We suggest that all steps of SR/MA should be done independently by 2–3 reviewers’ discussion, to ensure data quality and accuracy.

SR/MA steps include the development of research question, forming criteria, search strategy, searching databases, protocol registration, title, abstract, full-text screening, manual searching, extracting data, quality assessment, data checking, statistical analysis, double data checking, and manuscript writing.

Introduction

The amount of studies published in the biomedical literature, especially tropical medicine and health, has increased strikingly over the last few decades. This massive abundance of literature makes clinical medicine increasingly complex, and knowledge from various researches is often needed to inform a particular clinical decision.
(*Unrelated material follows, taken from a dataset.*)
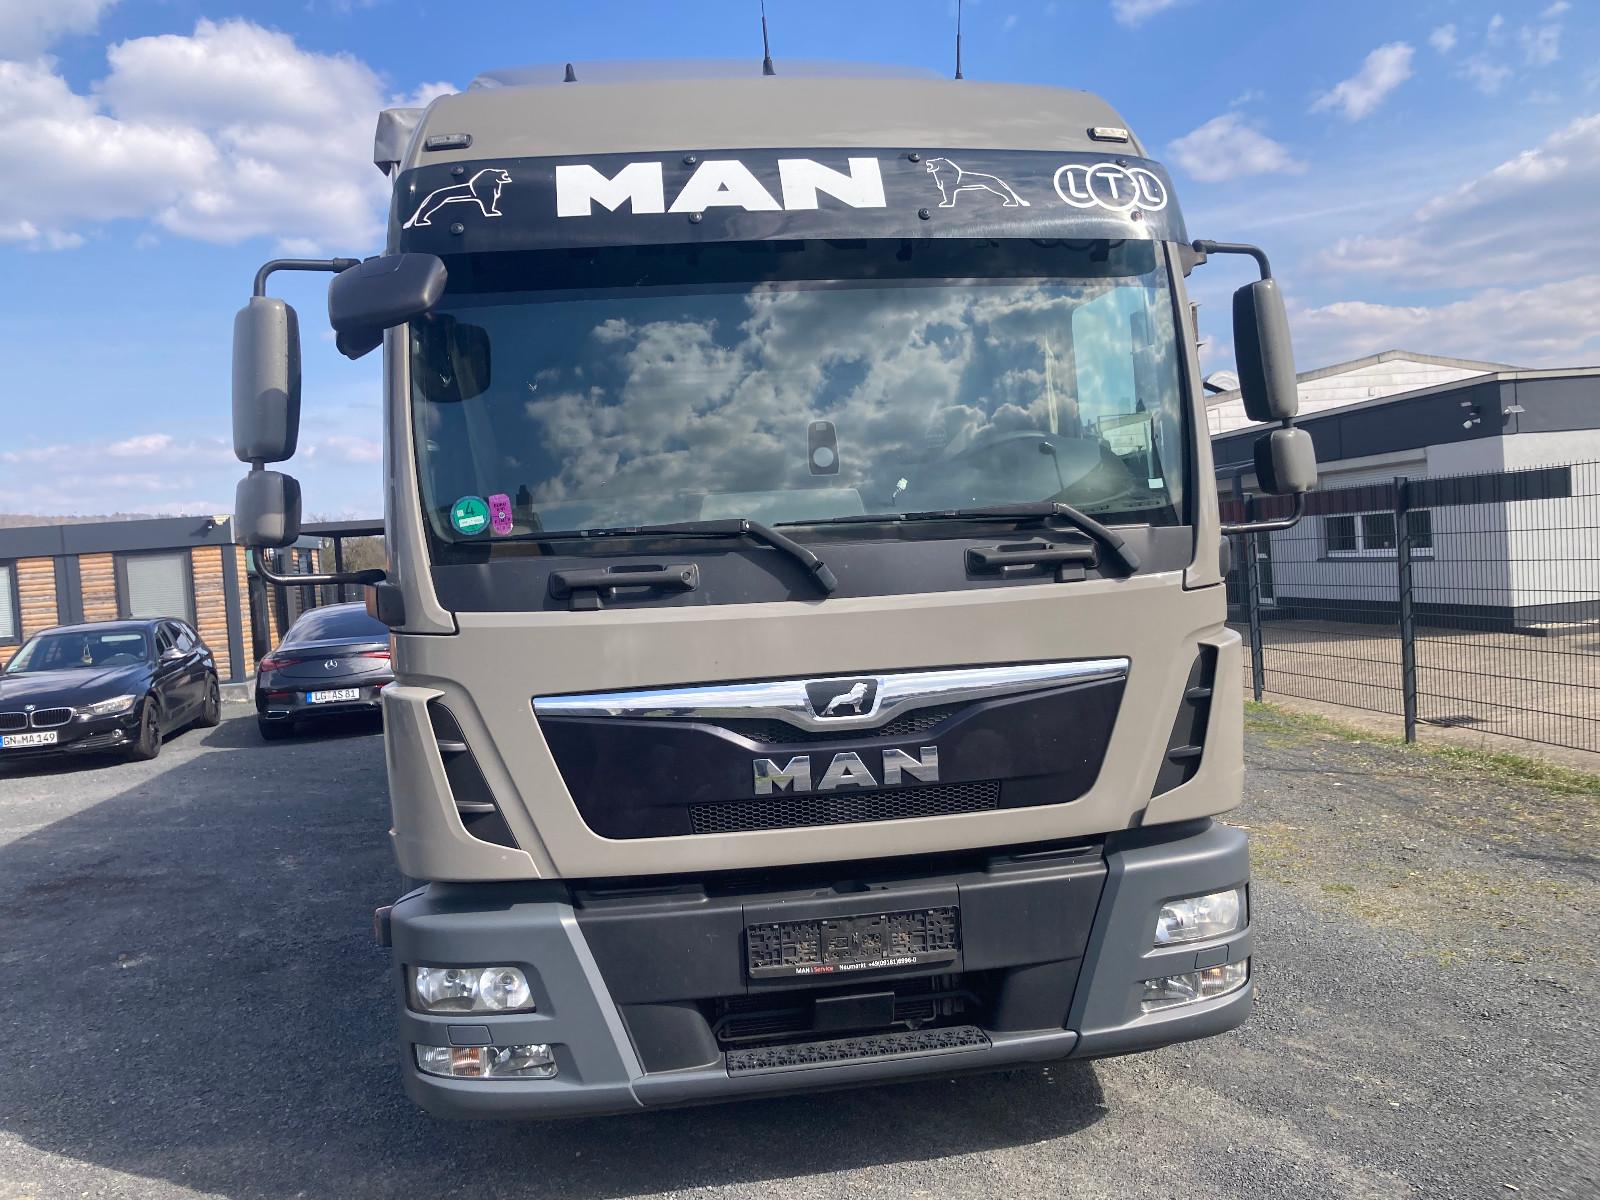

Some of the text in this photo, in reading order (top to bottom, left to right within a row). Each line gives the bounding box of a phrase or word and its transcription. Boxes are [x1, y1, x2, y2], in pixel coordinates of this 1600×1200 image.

However, available studies are often heterogeneous with regard to their design, operational quality, and subjects under study and may handle the research question in a different way, which adds to the complexity of evidence and conclusion synthesis [ 1 ].
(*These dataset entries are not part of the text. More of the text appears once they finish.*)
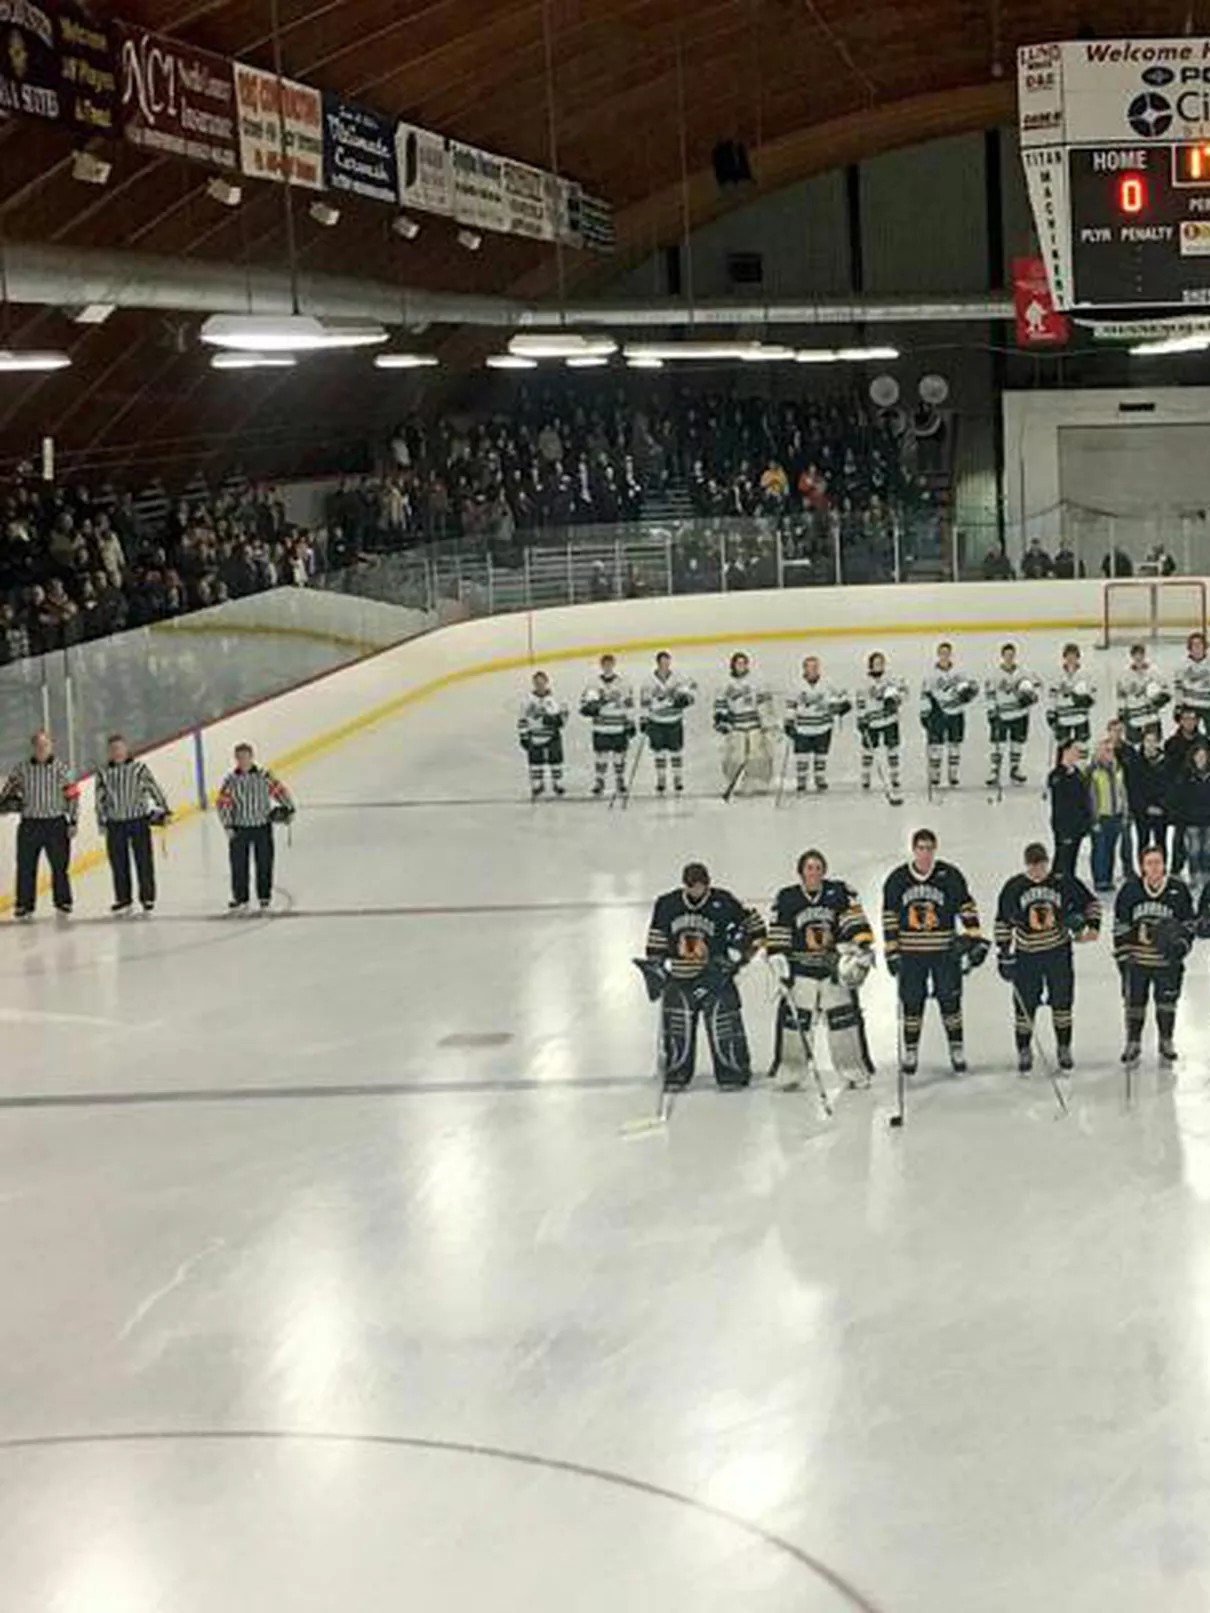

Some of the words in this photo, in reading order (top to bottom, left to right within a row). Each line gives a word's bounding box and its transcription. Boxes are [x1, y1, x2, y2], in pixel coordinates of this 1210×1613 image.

[1086, 42, 1193, 63] Welcome
[1093, 151, 1148, 171] HOME
[1122, 179, 1143, 212] 0
[1120, 226, 1173, 242] PENALTY
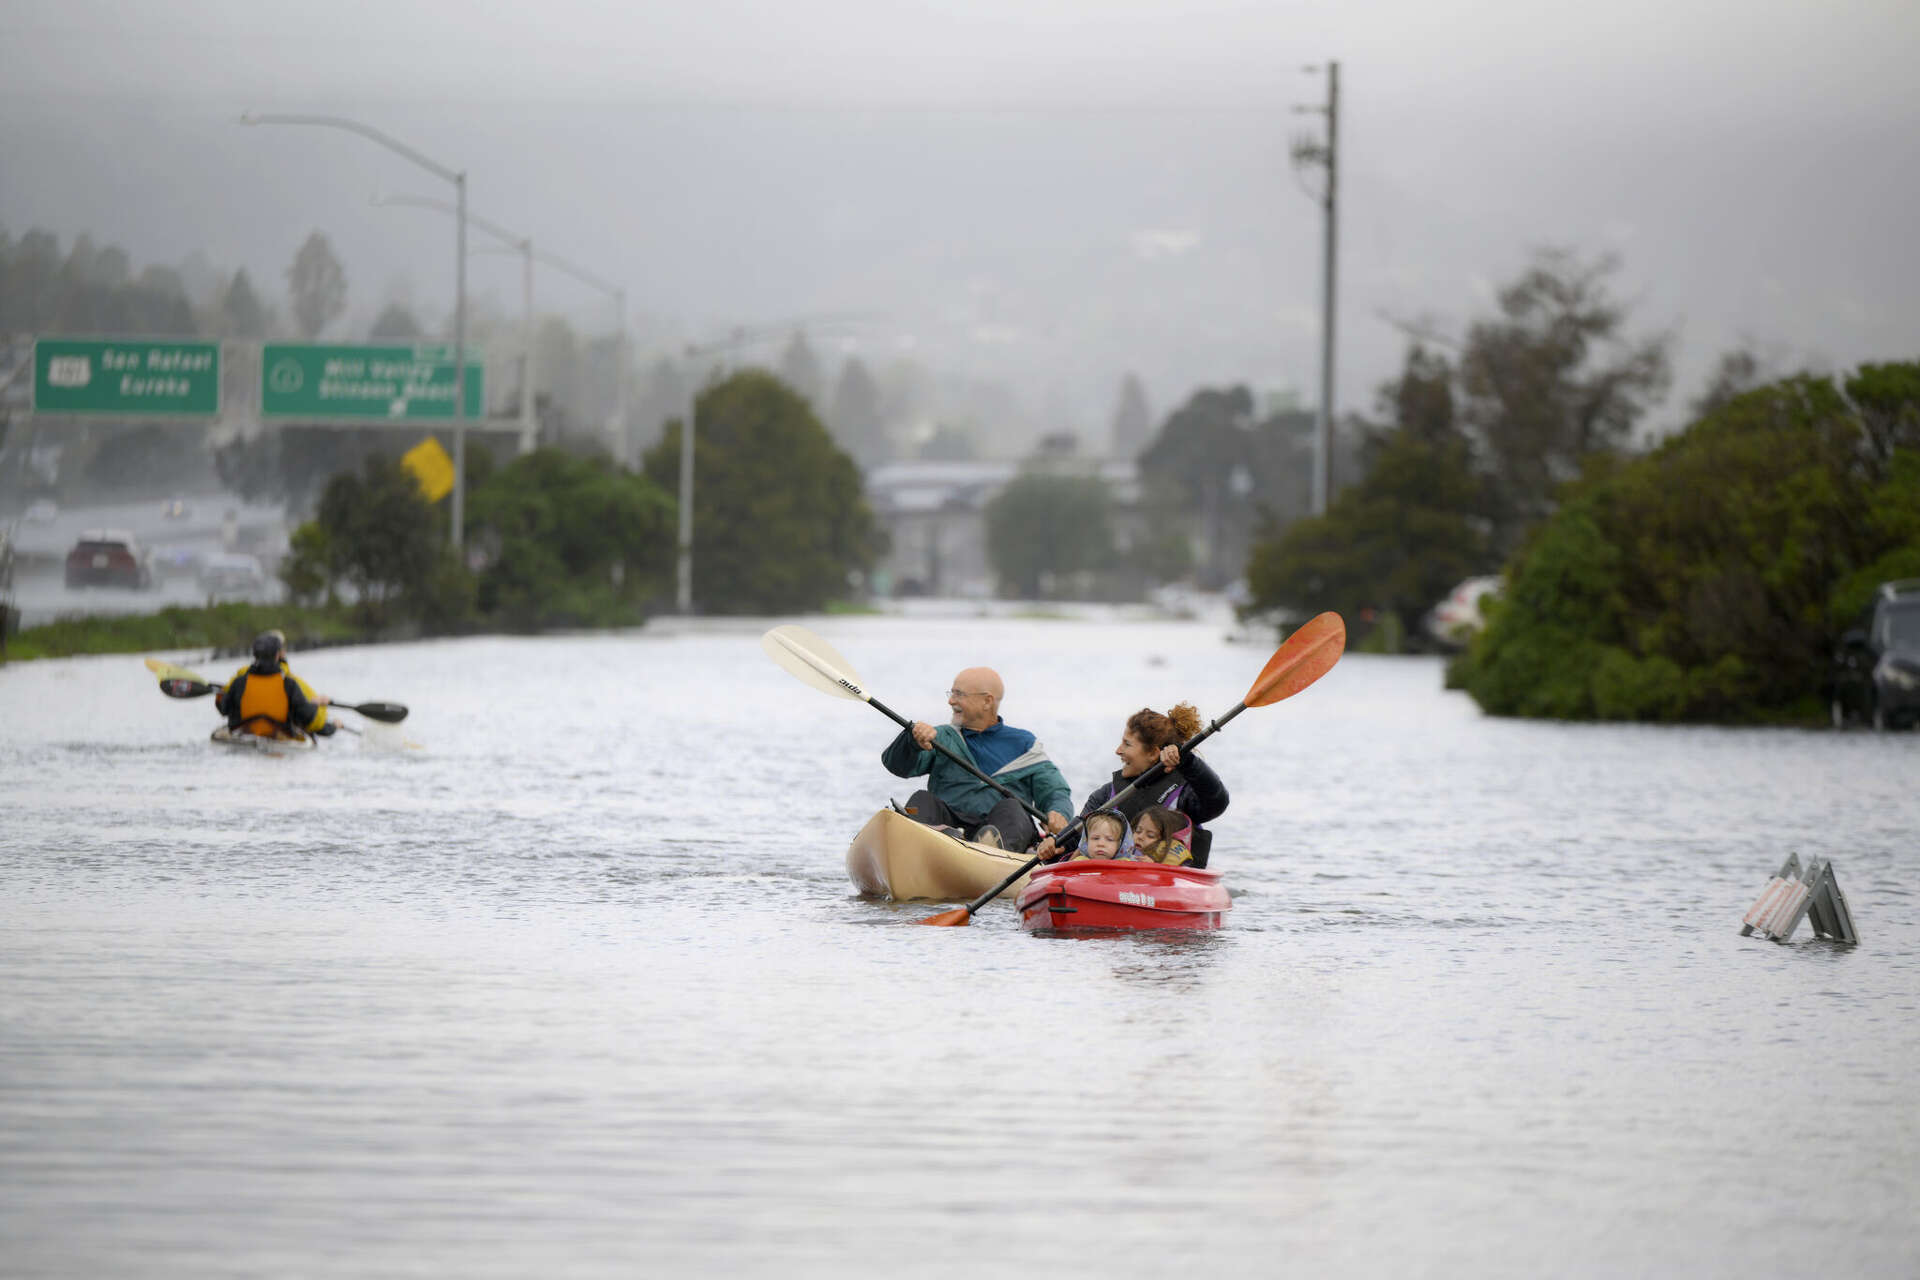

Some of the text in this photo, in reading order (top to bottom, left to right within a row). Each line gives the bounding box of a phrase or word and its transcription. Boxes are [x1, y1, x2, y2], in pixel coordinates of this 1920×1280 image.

Systematic review and meta-analyses (SR/MAs) have a high level of evidence as represented by the evidence-based pyramid. Therefore, a well-conducted SR/MA is considered a feasible solution in keeping health clinicians ahead regarding contemporary evidence-based medicine.

Differing from a systematic review, unsystematic narrative review tends to be descriptive, in which the authors select frequently articles based on their point of view which leads to its poor quality. A systematic review, on the other hand, is defined as a review using a systematic method to summarize evidence on questions with a detailed and comprehensive plan of study. Furthermore, despite the increasing guidelines for effectively conducting a systematic review, we found that basic steps often start from framing question, then identifying relevant work which consists of criteria development and search for articles, appraise the quality of included studies, summarize the evidence, and interpret the results [ 2 , 3 ]. However, those simple steps are not easy to be reached in reality. There are many troubles that a researcher could be struggled with which has no detailed indication.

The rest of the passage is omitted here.